I was in that weird not quite awake not quite asleep place when I flashed back to something that happened on the morning of Sept. 11, 2001. I was in the kitchen of our "new" house, unpacking boxes, and listening to NPR (WNYC, specifically). Suddenly the reception went out. I climbed off the counter and tried to fiddle with the antenna to get it back in, but nothing worked. I finally switched stations to 95.5 WPLJ. It was the station that I had listened to back in my commuting days and it was still coming in. I listened to the normally silly DJs as they recounted everything that was happening on their screens. We didn't own a TV at the time, so listening to them was all I had to inform me. I immediately called Todd's office and left a message, knowing that his train should have just been pulling into the WTC as everything happened. He didn't answer the phone and the quivery message that I left for him is one that he kept on his voice mail as long as he could. Then I went back to listening. The DJs started taking calls. And this is what was haunting me this morning. They took calls from people who were on the floors above the plane crash. The people were terrified, but amazingly coherent. They were calling for help and to let people know they were there. The DJs reassured them that there was no way the NYFD wouldn't get them out, and just to sit tight and wait. I still hear the background noise on the phone calls and the voices of the people who called in. The building collapsed a short time later and they all died.
It's been nearly seven years since all this happened. And yet when the memory comes unbidden, that's what I hear. I don't have the visual images that everyone else has even though I did eventually go to my in-laws to watch the news and wait to hear from Todd. What I have are voices of the dead. It sort of swipes my feet out from under me when it happens. Whenever the reception goes out on my radio, I have to take deep breaths so I don't burst into tears. Technical difficulties don't go over well with me.

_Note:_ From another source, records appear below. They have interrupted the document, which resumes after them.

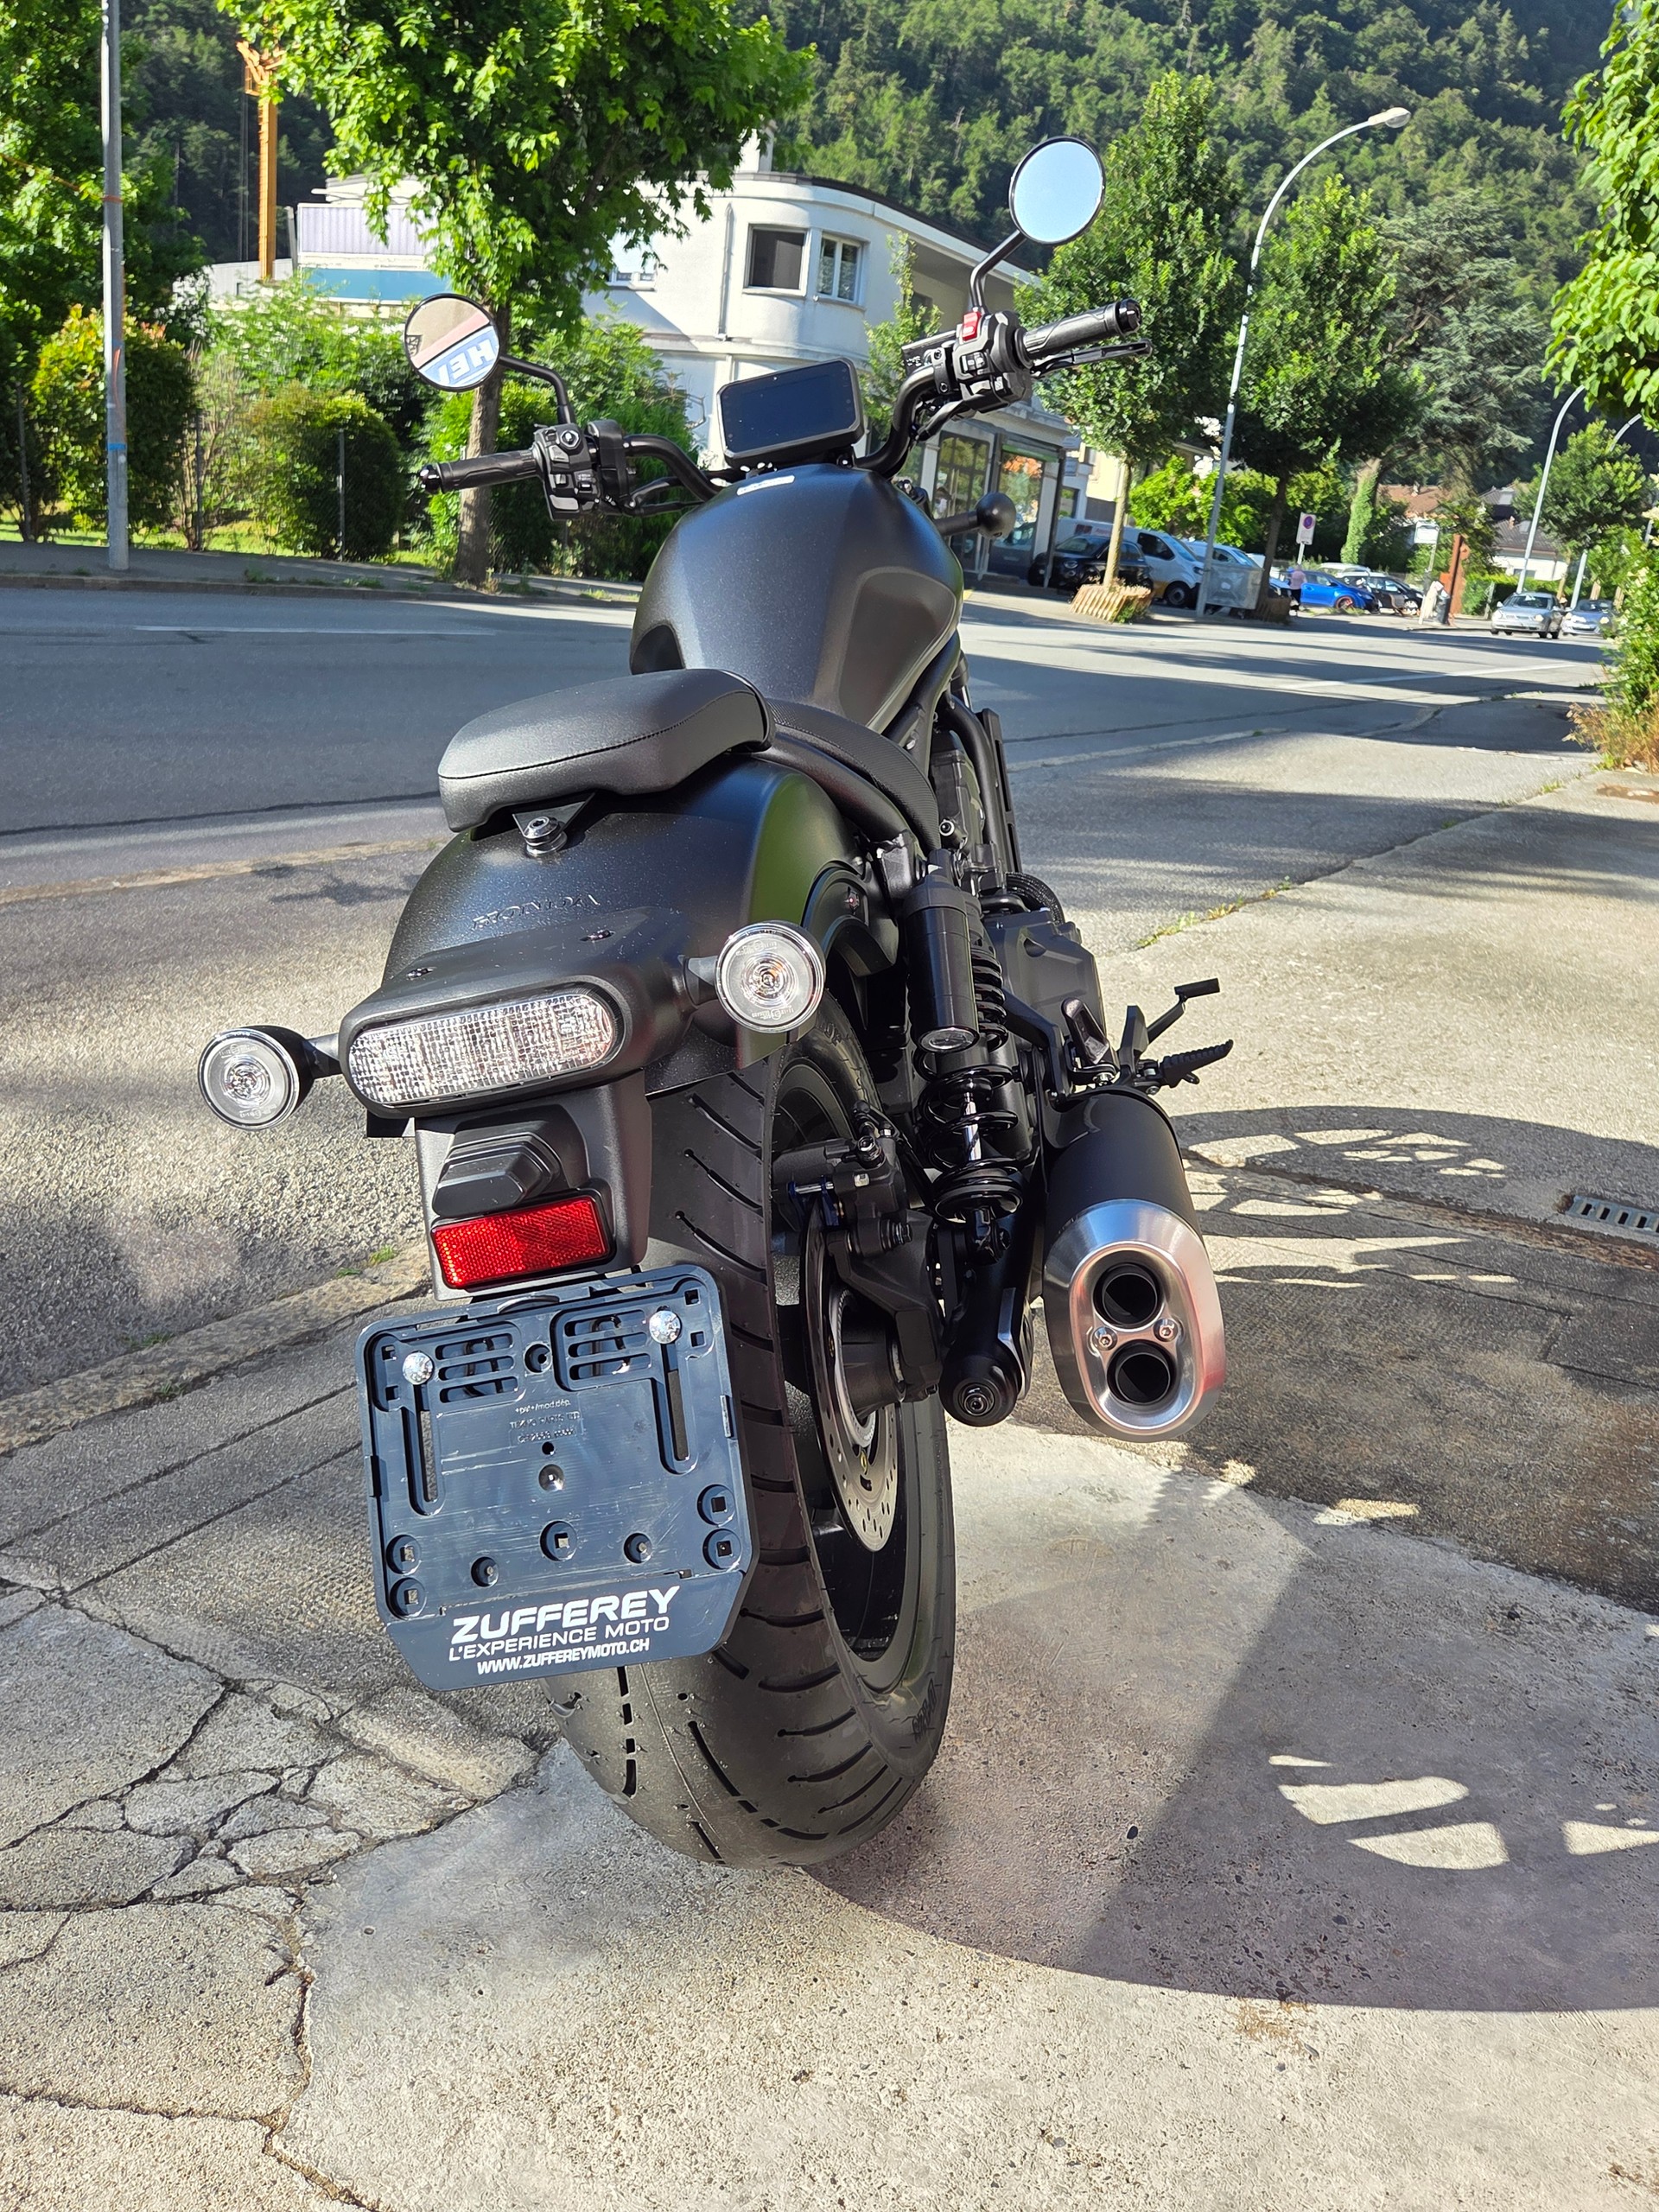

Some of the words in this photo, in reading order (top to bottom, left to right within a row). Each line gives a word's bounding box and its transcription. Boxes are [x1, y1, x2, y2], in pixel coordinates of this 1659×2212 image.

[451, 1585, 681, 1645] ZUFFEREY
[448, 1628, 597, 1662] L'EXPERIENCE
[605, 1616, 670, 1639] MOTO
[476, 1637, 650, 1675] WWW.ZUFFEREYMOTO.CH
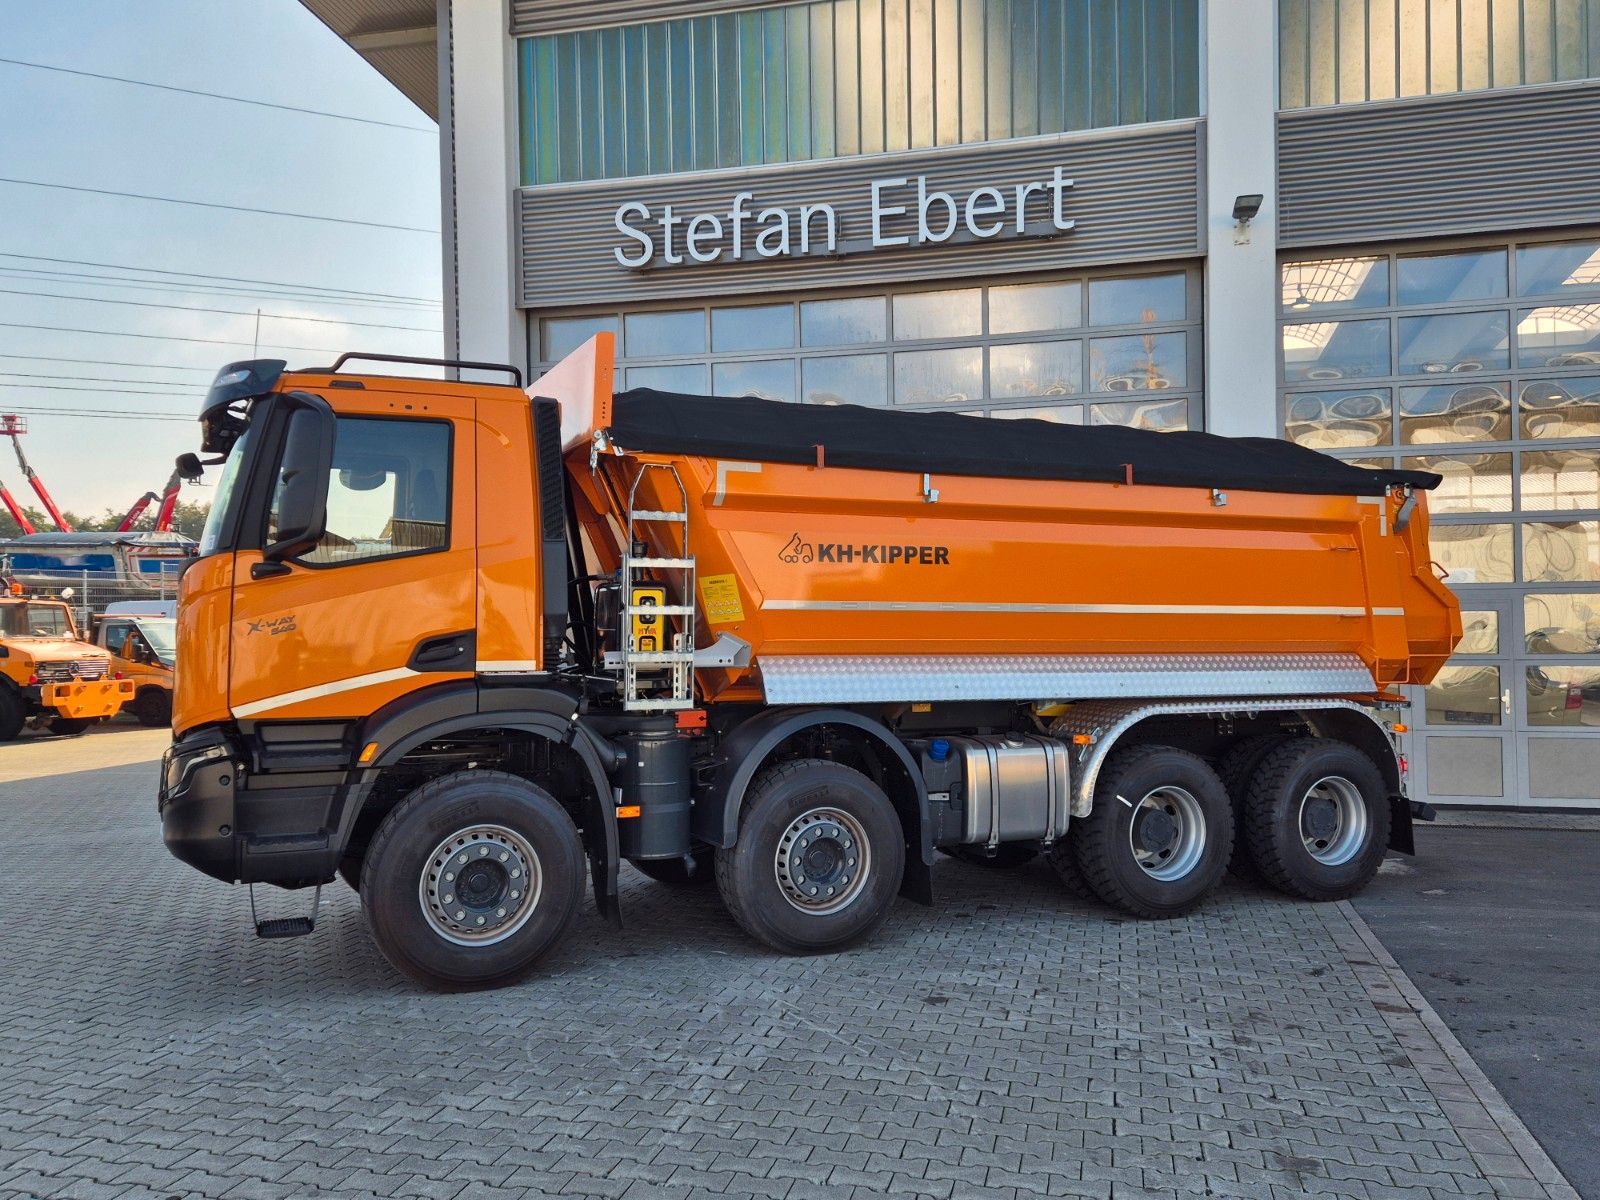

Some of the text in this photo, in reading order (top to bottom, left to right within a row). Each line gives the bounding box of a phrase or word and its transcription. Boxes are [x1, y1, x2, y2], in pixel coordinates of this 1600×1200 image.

[614, 166, 1075, 268] Stefan Ebert
[818, 543, 950, 565] KH-KIPPER
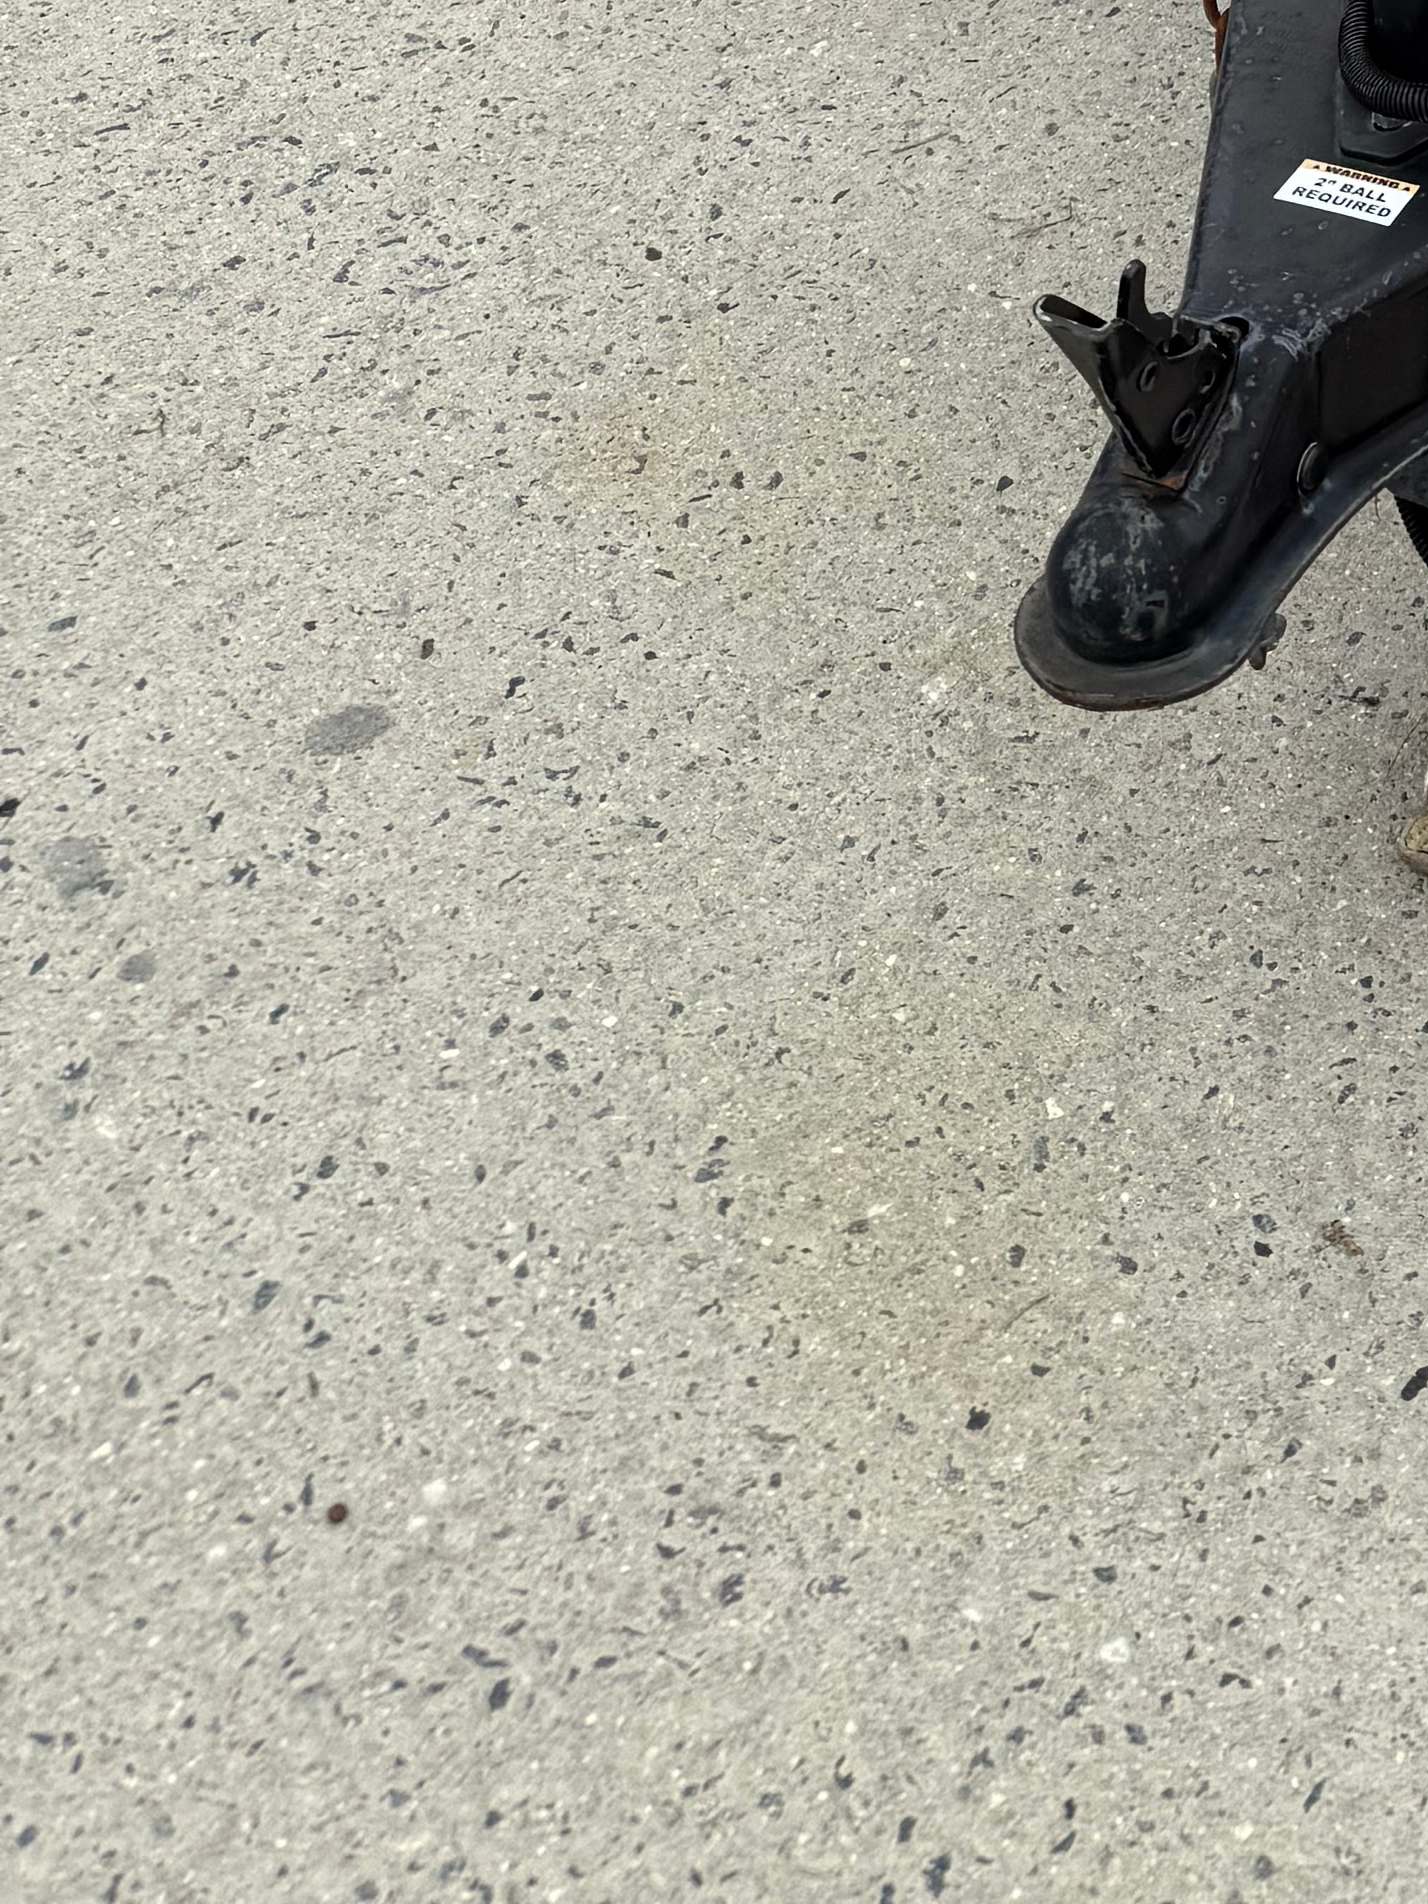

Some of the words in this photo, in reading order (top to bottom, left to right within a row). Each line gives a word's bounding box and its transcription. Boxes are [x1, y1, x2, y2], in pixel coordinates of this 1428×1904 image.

[1314, 177, 1337, 187] 2"
[1339, 183, 1387, 203] BALL
[1324, 165, 1401, 189] WARNING
[1291, 186, 1392, 217] REQUIRED

How do people who actually go through this stuff deal with it? I was so much on the periphery of everything. The whole thing didn't really affect me directly and yet I feel like this still. What do people do who were actually there? Or who live through wars or other horrific events? And does it fade? Will I be waking up 50 years from now hearing those same voices?
3 comments:
You weren't on the periphery as much as you think. You were there, your husband could have been there, and there was that period of time of not knowing. I didn't do anything for a week afterward even though we were across the pond in England. Just thinking that I could have been there and thinking of all the families and the nation so greatly affected by the tragedy was horrifying.
No wonder you were commenting on my blog at 4am! Hope you get some rest and feel better today.
Friend, I'm so sorry. Considering how close Todd was to being there, you have every right to feel terrified still. I hope your allergies will clear up so you can sleep better tonight. Sending you a hug, dear.
Thanks for the comments, ladies. I appreciate your words (and hugs!).